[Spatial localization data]
★ ★ ★ ★ ★ ★ ★
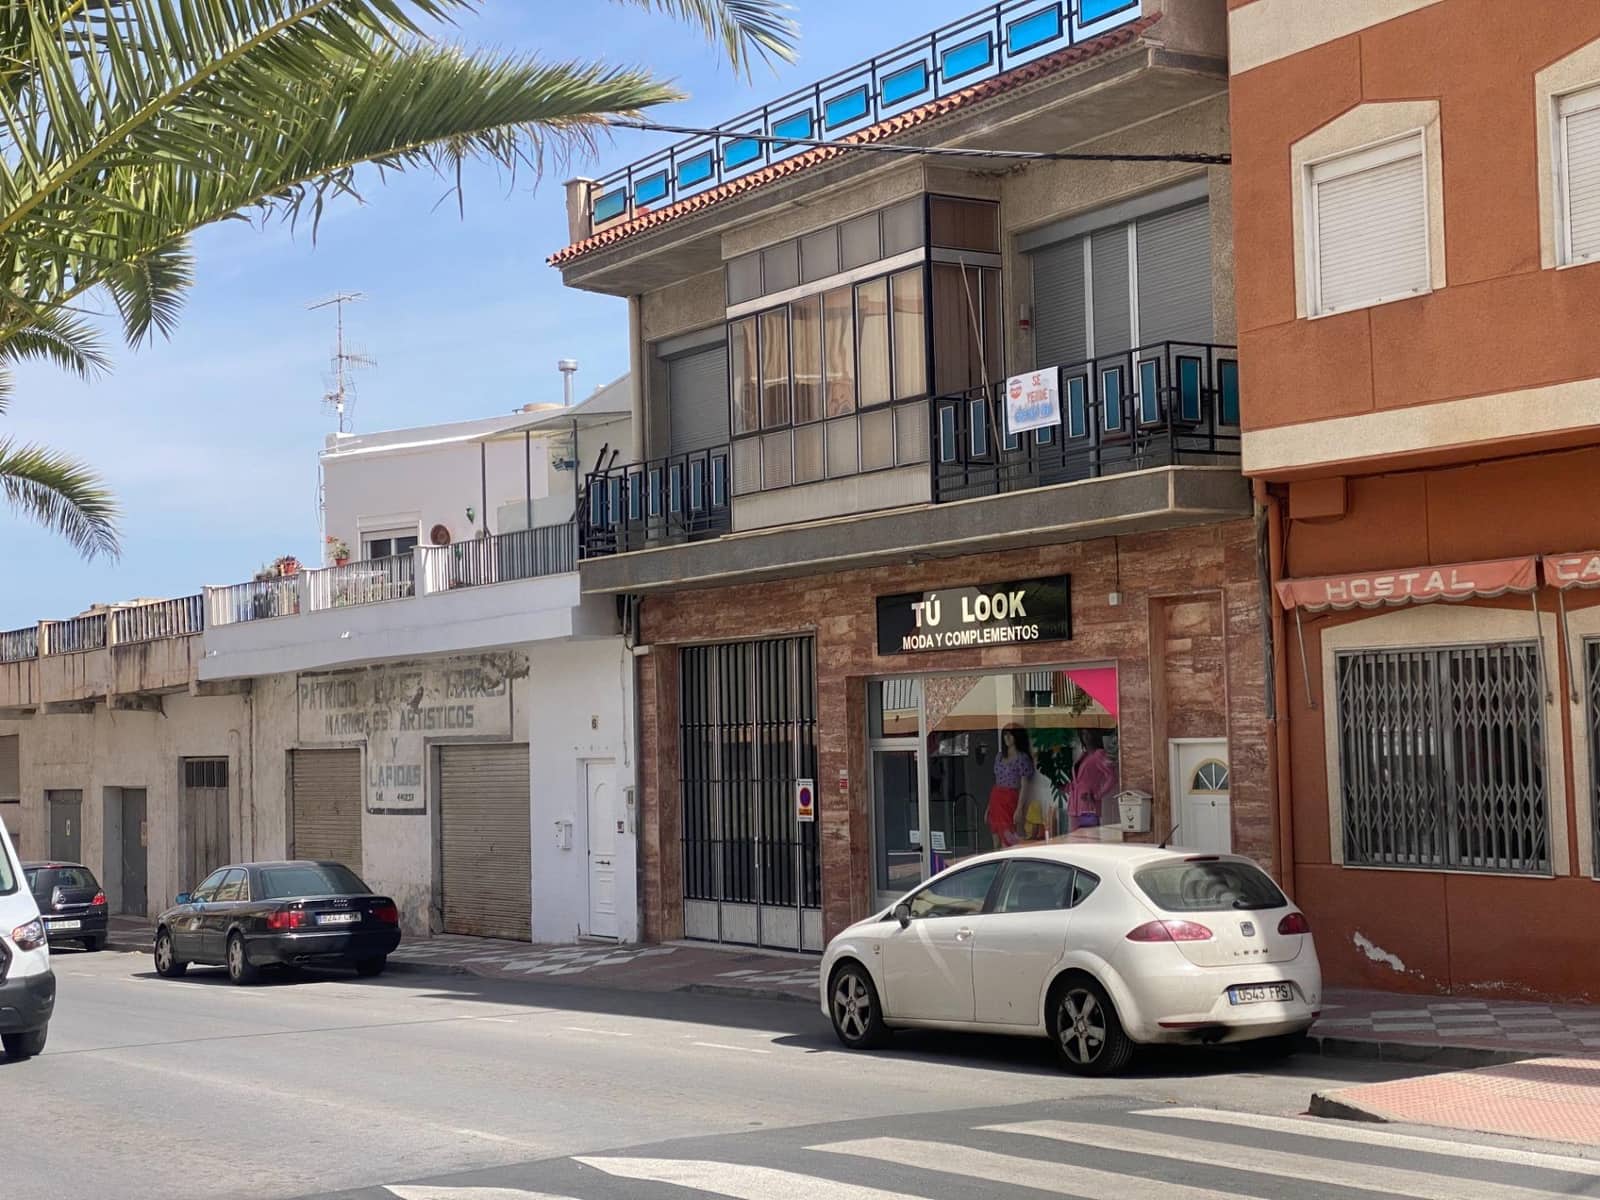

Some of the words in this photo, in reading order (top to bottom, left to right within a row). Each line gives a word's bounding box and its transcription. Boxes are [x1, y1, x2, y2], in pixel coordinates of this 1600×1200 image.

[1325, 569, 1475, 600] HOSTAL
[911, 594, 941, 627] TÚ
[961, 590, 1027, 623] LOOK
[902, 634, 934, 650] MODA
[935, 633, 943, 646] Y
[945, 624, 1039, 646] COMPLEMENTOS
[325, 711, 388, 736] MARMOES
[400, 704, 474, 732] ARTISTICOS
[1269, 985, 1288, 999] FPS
★ ★ ★ ★ ★ ★ ★
**Requirement**
Copy the records exactly. Skip the images.

**Answer to the problem**
Some of the words in this photo, in reading order (top to bottom, left to right within a row). Each line gives a word's bounding box and its transcription. Boxes are [x1, y1, x2, y2], in pixel coordinates of this 1600×1200 image.

[1325, 569, 1475, 600] HOSTAL
[911, 594, 941, 627] TÚ
[961, 590, 1027, 623] LOOK
[902, 634, 934, 650] MODA
[935, 633, 943, 646] Y
[945, 624, 1039, 646] COMPLEMENTOS
[325, 711, 388, 736] MARMOES
[400, 704, 474, 732] ARTISTICOS
[1269, 985, 1288, 999] FPS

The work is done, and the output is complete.